**Material shown:**
■ ■ ■ ■ ■

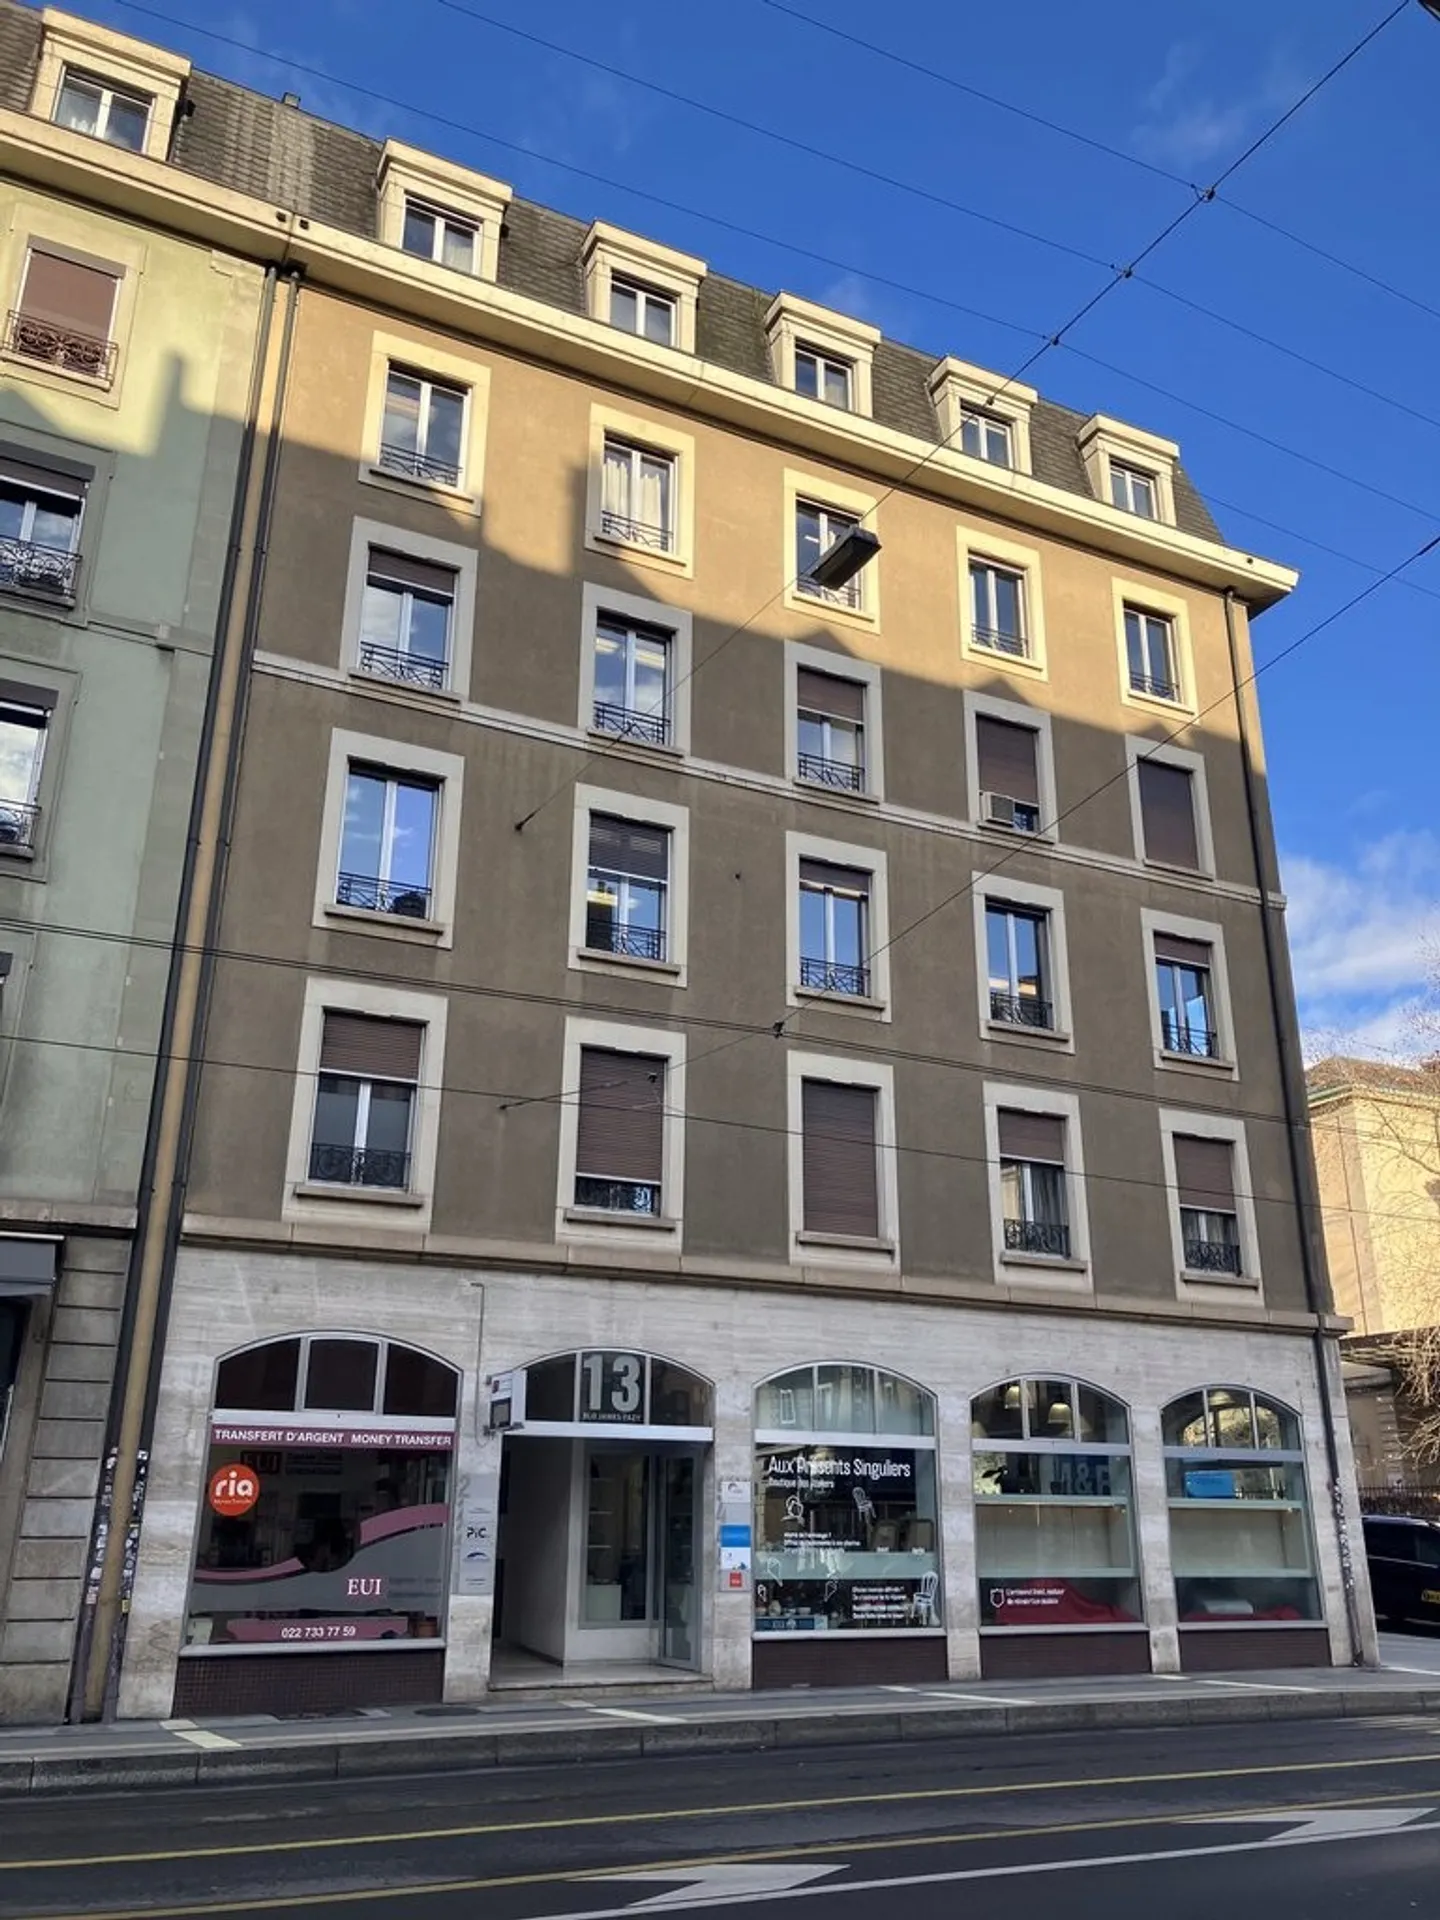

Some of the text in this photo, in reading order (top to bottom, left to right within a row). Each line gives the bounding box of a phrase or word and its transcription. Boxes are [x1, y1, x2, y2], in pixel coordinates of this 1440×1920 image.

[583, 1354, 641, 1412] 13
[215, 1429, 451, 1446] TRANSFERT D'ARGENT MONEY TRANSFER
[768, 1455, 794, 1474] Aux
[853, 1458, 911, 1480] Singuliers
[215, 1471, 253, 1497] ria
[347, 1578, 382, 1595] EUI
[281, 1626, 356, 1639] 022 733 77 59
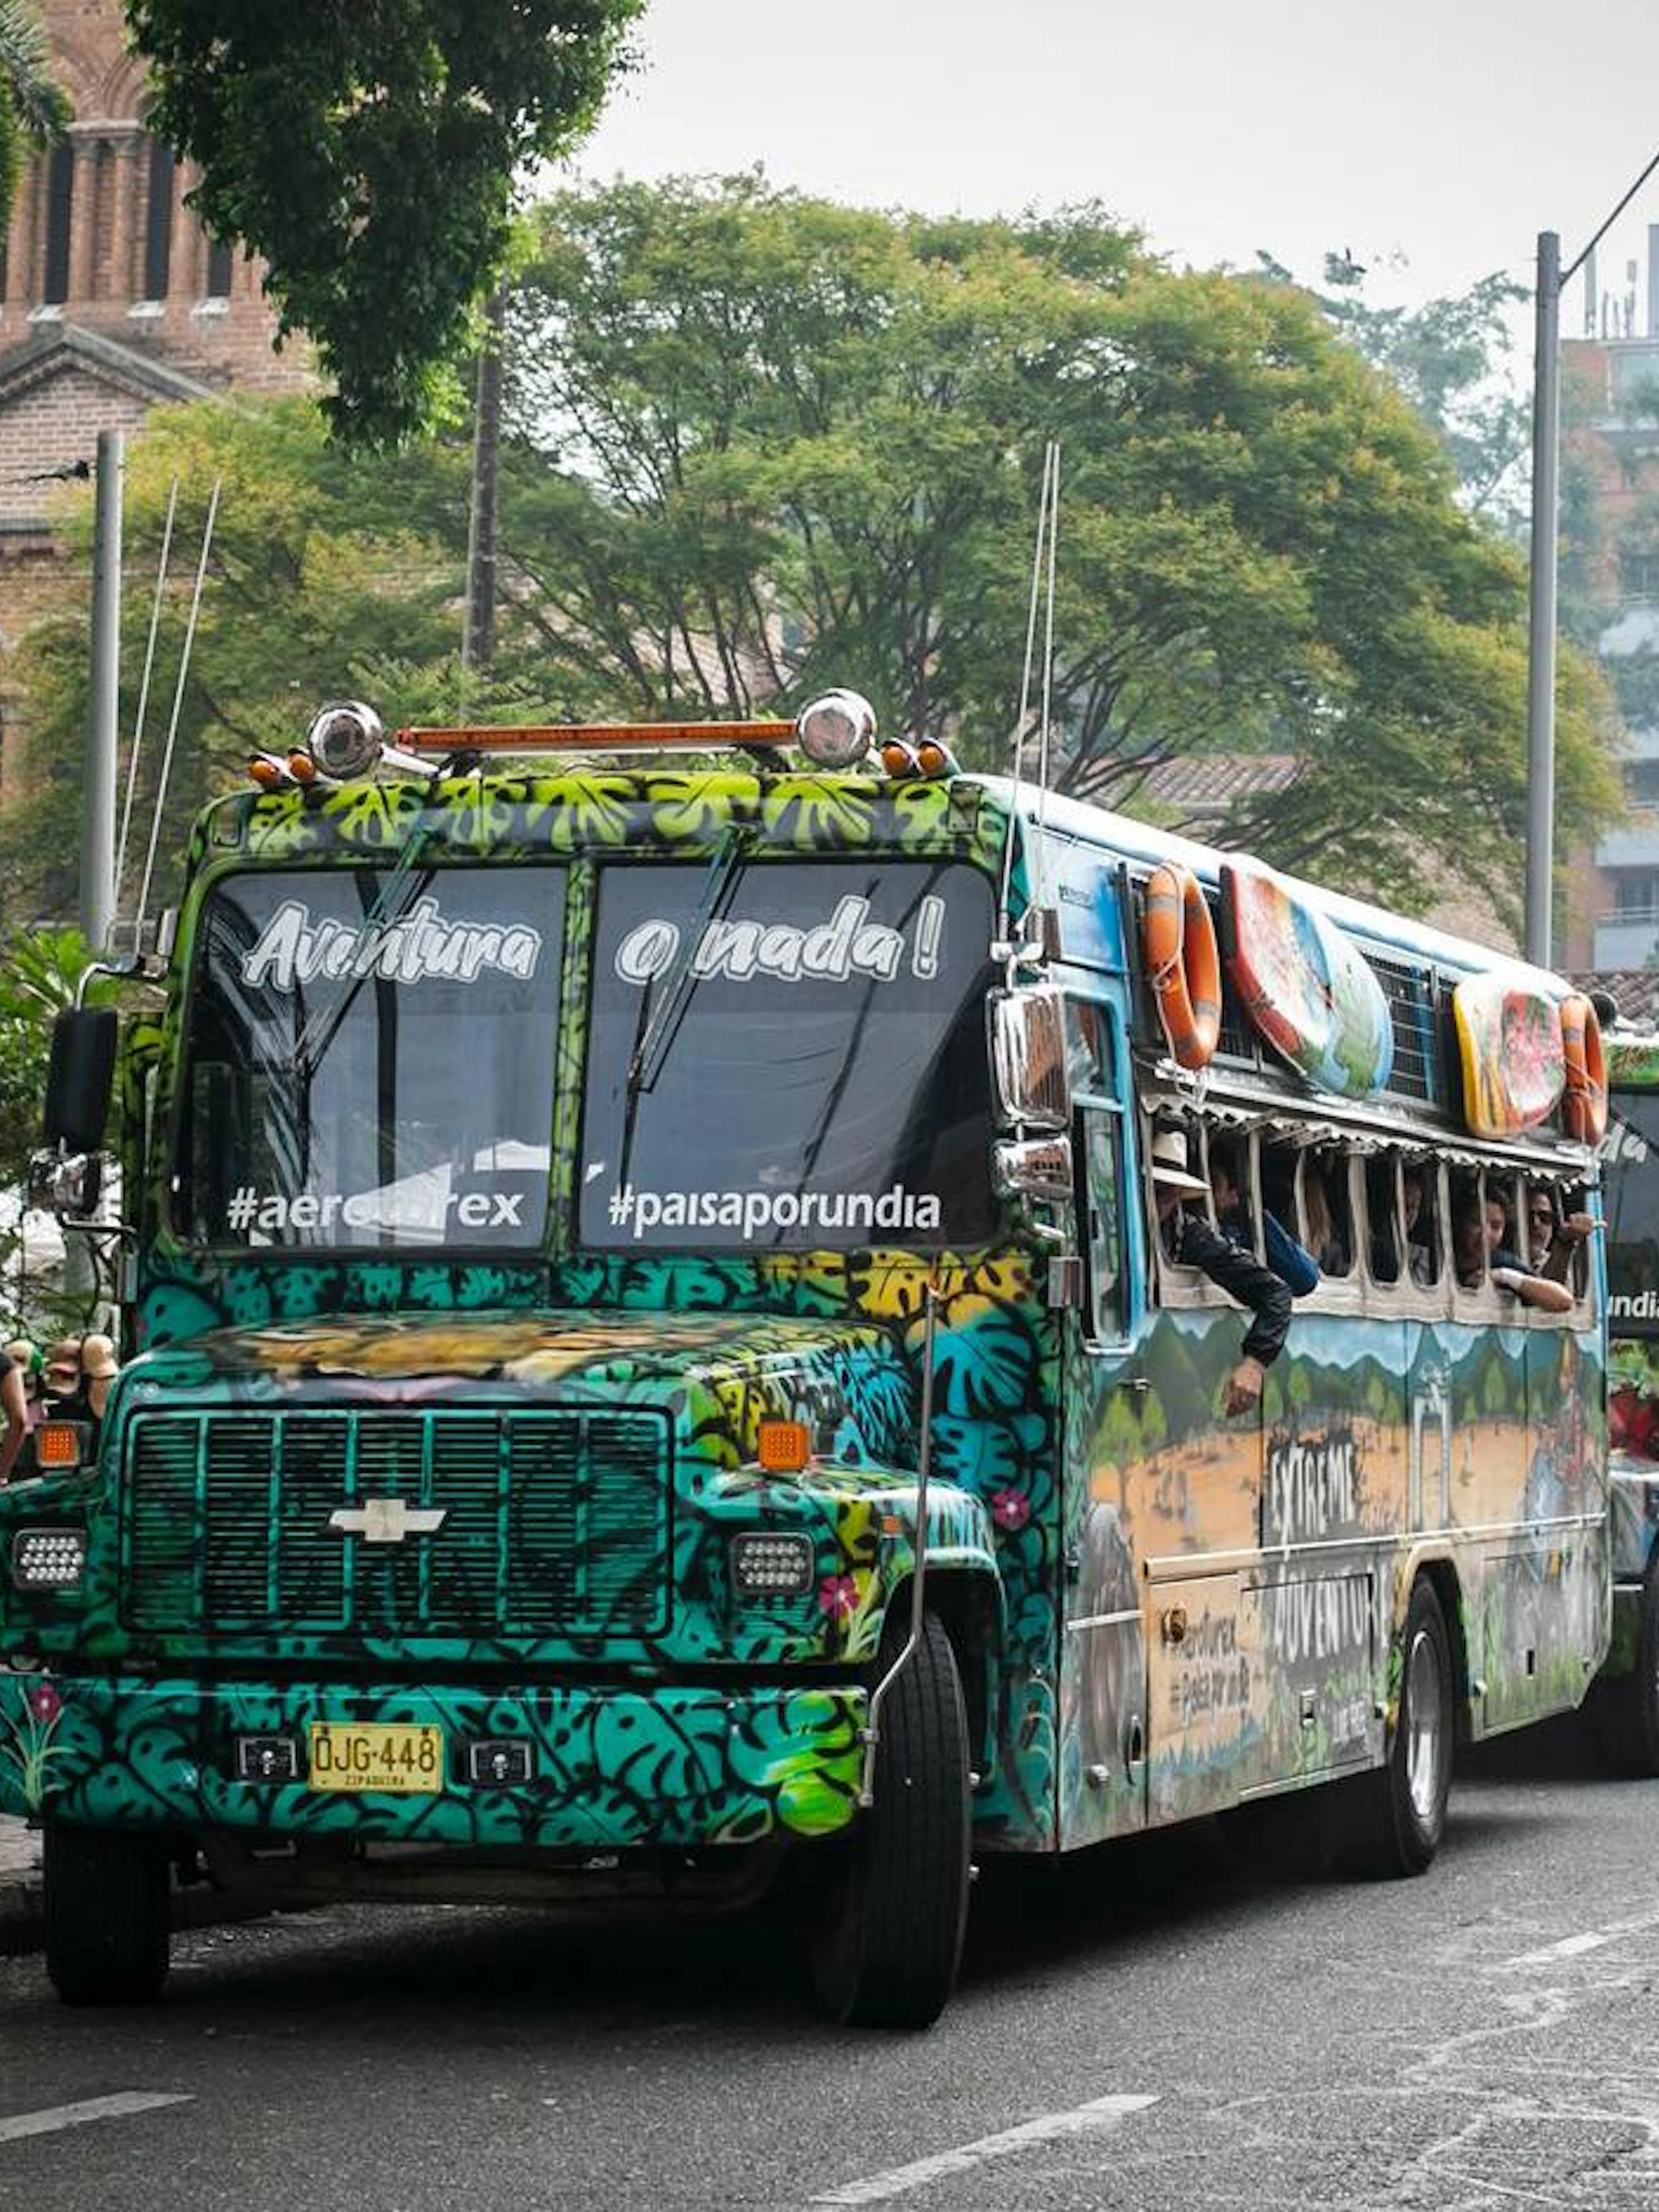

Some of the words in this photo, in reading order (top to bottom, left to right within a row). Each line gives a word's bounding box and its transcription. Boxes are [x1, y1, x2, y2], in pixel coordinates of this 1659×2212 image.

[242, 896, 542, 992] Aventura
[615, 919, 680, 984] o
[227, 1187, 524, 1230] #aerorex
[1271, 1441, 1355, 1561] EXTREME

■ ■ ■ ■ ■

**Exercise:**
Reproduce the lines above exactly, please, but not the pictures in them.

**Reply to the exercise:**
Some of the text in this photo, in reading order (top to bottom, left to right within a row). Each line gives the bounding box of a phrase or word and its transcription. Boxes are [x1, y1, x2, y2], in pixel coordinates of this 1440×1920 image.

[583, 1354, 641, 1412] 13
[215, 1429, 451, 1446] TRANSFERT D'ARGENT MONEY TRANSFER
[768, 1455, 794, 1474] Aux
[853, 1458, 911, 1480] Singuliers
[215, 1471, 253, 1497] ria
[347, 1578, 382, 1595] EUI
[281, 1626, 356, 1639] 022 733 77 59

Some of the words in this photo, in reading order (top to bottom, left to right within a row). Each line gives a word's bounding box and its transcription. Boxes are [x1, y1, x2, y2], in pixel coordinates of this 1659×2212 image.

[242, 896, 542, 992] Aventura
[615, 919, 680, 984] o
[227, 1187, 524, 1230] #aerorex
[1271, 1441, 1355, 1561] EXTREME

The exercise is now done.